*** Block opens ***

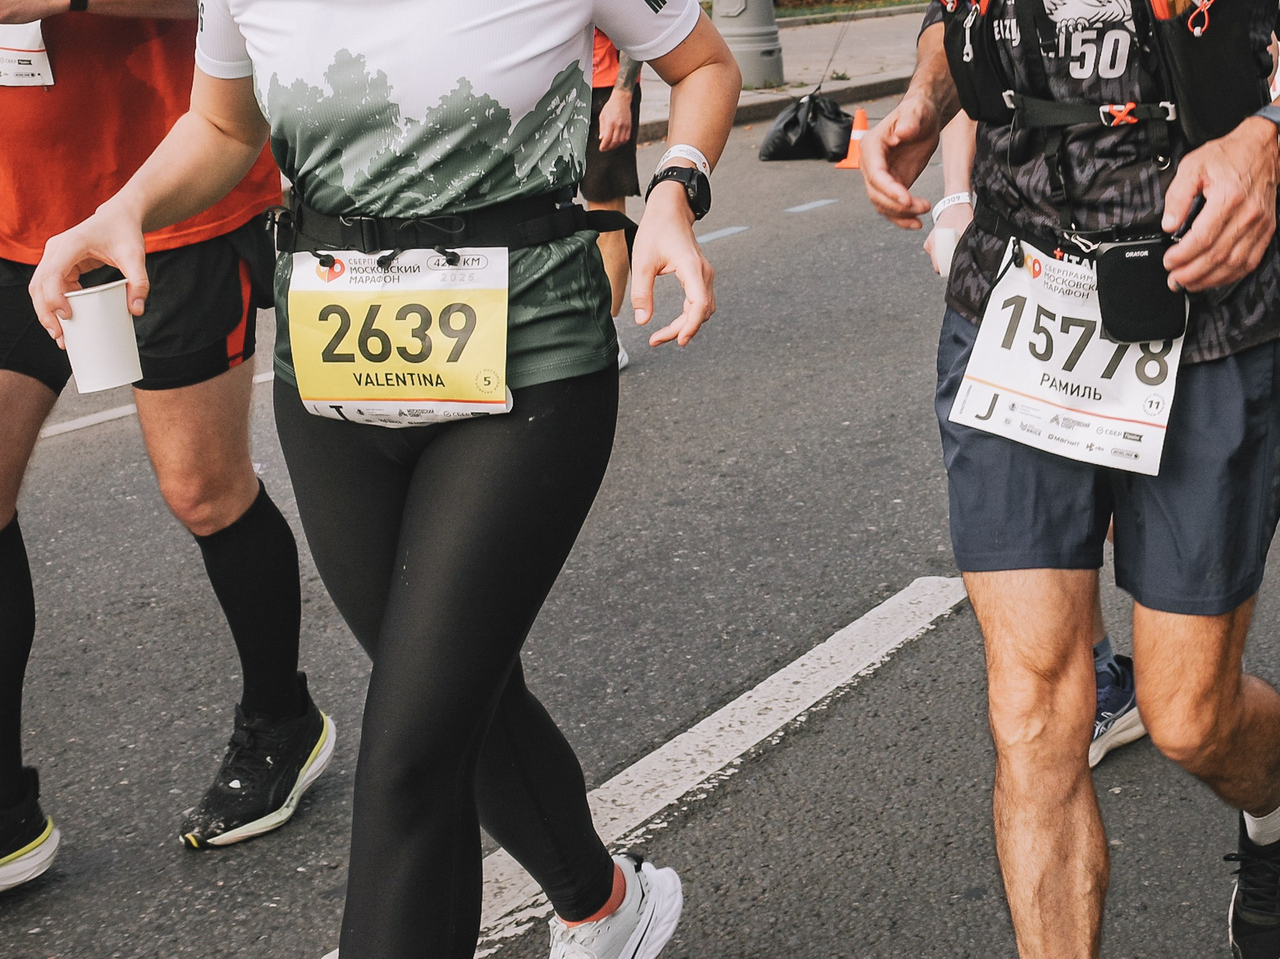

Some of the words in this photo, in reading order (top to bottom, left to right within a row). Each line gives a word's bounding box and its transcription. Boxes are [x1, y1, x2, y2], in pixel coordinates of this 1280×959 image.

[348, 274, 400, 285] МАРАФОН
[1043, 272, 1098, 292] МОСКОВСК
[1044, 263, 1094, 283] СБЕРПРАЙМ
[1043, 280, 1090, 300] МАРАФОН
[318, 302, 477, 363] 2639
[1000, 294, 1174, 386] 15778
[352, 372, 446, 388] VALENTINA
[483, 376, 492, 386] 5
[1039, 372, 1103, 402] РАМИЛЬ
[974, 393, 1000, 421] J
[1147, 399, 1161, 410] 11
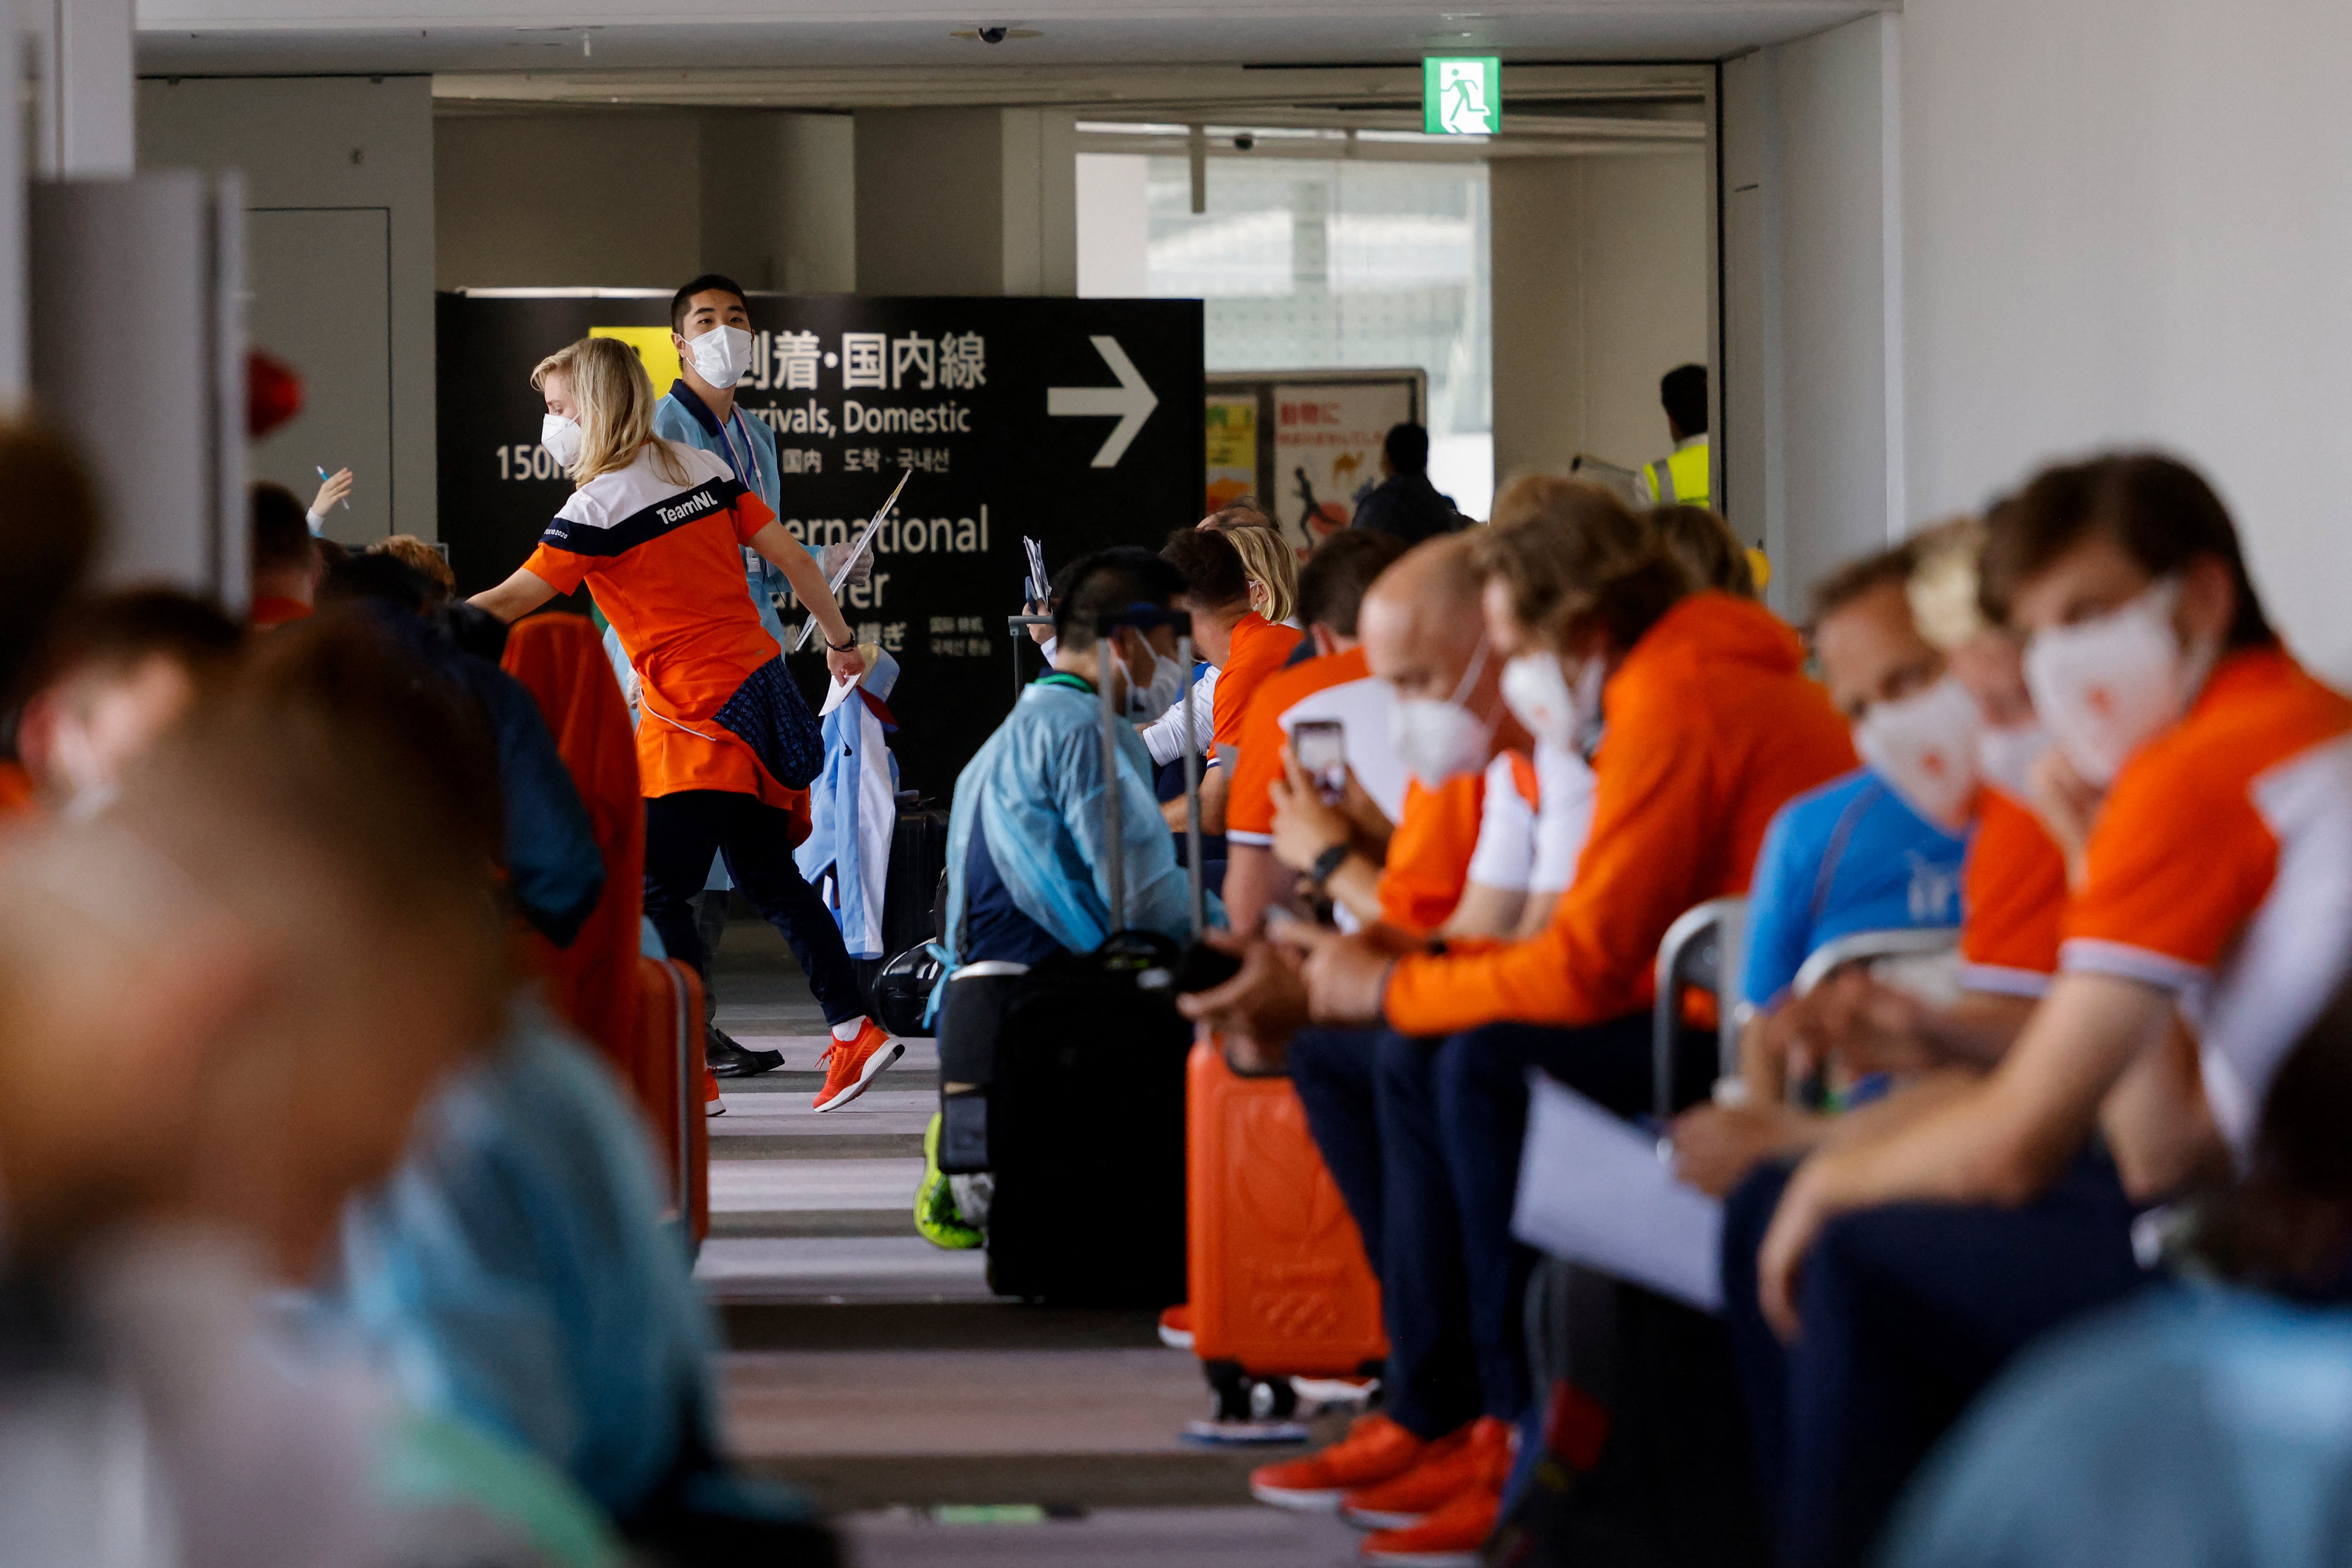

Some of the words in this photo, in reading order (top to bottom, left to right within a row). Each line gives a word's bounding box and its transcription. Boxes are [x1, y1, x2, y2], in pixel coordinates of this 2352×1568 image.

*** Block closes ***

- [WORK REQUIRED] Write out each entry exactly as given, omitting any picture.

- [ANSWER SPACE]
Some of the words in this photo, in reading order (top to bottom, left to right within a row). Each line gives a word's bounding box and its transcription. Boxes are [x1, y1, x2, y2], in pixel coordinates of this 1280×959 image.

[348, 274, 400, 285] МАРАФОН
[1043, 272, 1098, 292] МОСКОВСК
[1044, 263, 1094, 283] СБЕРПРАЙМ
[1043, 280, 1090, 300] МАРАФОН
[318, 302, 477, 363] 2639
[1000, 294, 1174, 386] 15778
[352, 372, 446, 388] VALENTINA
[483, 376, 492, 386] 5
[1039, 372, 1103, 402] РАМИЛЬ
[974, 393, 1000, 421] J
[1147, 399, 1161, 410] 11

Some of the words in this photo, in reading order (top to bottom, left to right within a row). Each line gives a word's bounding box and its transcription. Boxes are [x1, y1, x2, y2], in pixel coordinates of this 2352×1568 image.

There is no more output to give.